Do you give your undying loyalty to those who don’t deserve it; who do not value it?

Do you think sticking with that unethical boss, the deadbeat boyfriend, the pal who consistently makes you question your worth, makes you somehow noble?

Are you terrified of being perceived—by absolutely anybody, including the mailman as being unreliable, or whimsical?

Well, maybe it’s time to stop acting like a Golden Retriever.

Before she moved back to North Dakota, my mother bought her cars from the same man every single time.  It’s not that she particularly liked this dude, or that she thought she was getting a helluva deal, she just believes that a person—a person raised properly—should be loyal to the first car dealer God places in her path.
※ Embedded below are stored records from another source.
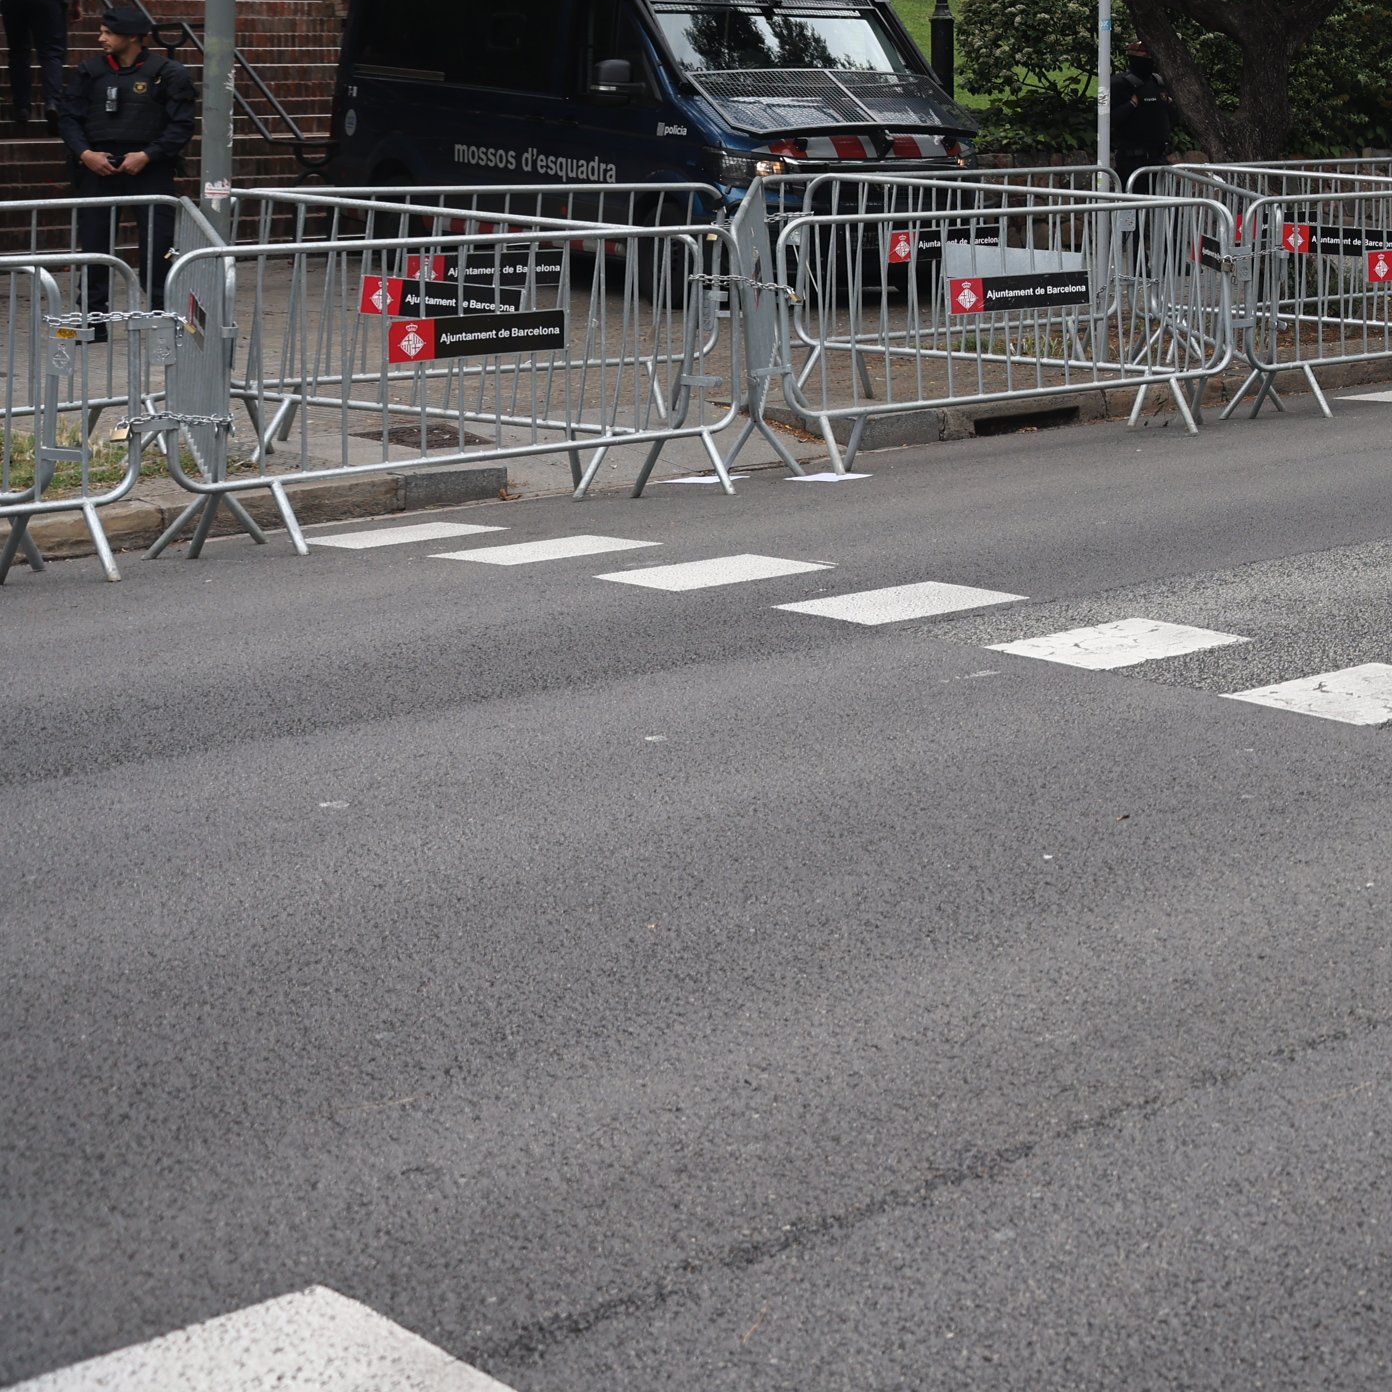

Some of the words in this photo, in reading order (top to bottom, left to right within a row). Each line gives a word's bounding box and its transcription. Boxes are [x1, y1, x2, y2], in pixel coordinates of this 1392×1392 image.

[664, 125, 687, 136] policia
[454, 143, 516, 170] mossos
[521, 147, 616, 183] d'esquadra
[1352, 238, 1362, 246] de
[502, 265, 514, 274] de
[986, 288, 1034, 300] Ajuntament
[1035, 287, 1045, 295] de
[1047, 284, 1087, 294] Barcelona
[469, 299, 516, 312] Barceona
[440, 329, 497, 344] Ajuntament
[498, 328, 510, 337] de
[511, 326, 560, 337] Barcelona
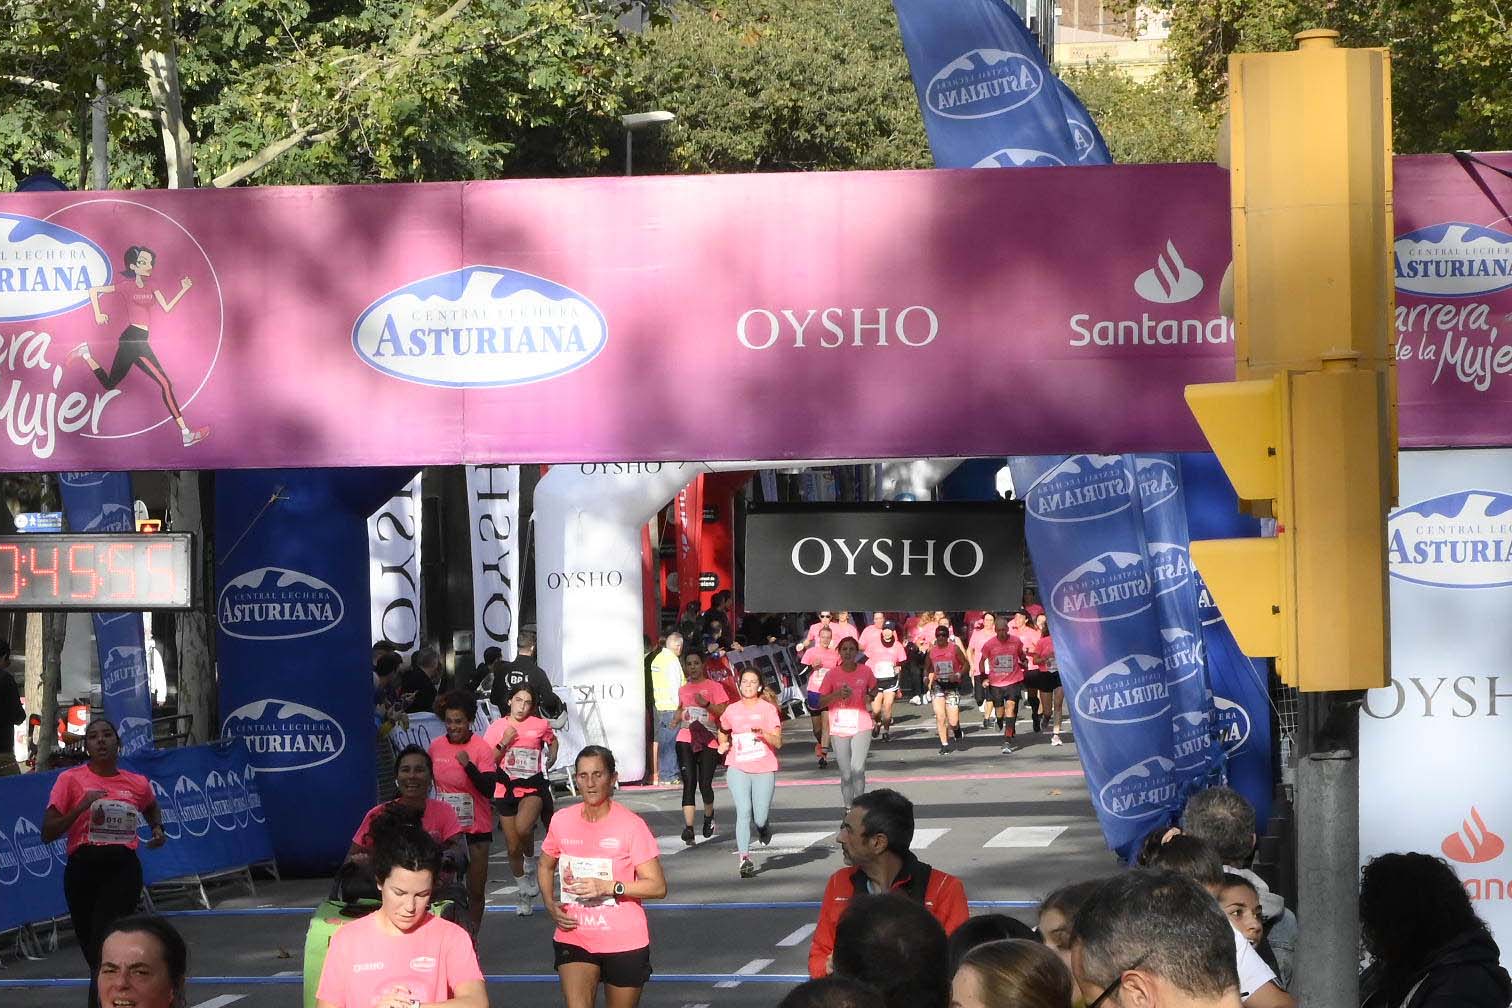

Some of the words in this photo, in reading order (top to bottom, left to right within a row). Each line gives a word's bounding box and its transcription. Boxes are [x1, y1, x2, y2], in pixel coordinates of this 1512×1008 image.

The car dealer thing is sort of funny, but that misplaced loyalty impulse is what ruled my mother.

She’d stayed with my father all those godawful years out of the same sham sense of loyalty.  She kept her mouth shut and her hands folded despite the drunken rages, the constant threat of violence, and the words my father wielded against her like fucking two-by-fours. After all, she told my brother and me, nobody was perfectFamily, she would say with a quivering voice, is sacred.

When it comes to loyalty, my son feels just as strongly as his grandmother. He believes that, once a buddy, always a buddy, regardless of the situation.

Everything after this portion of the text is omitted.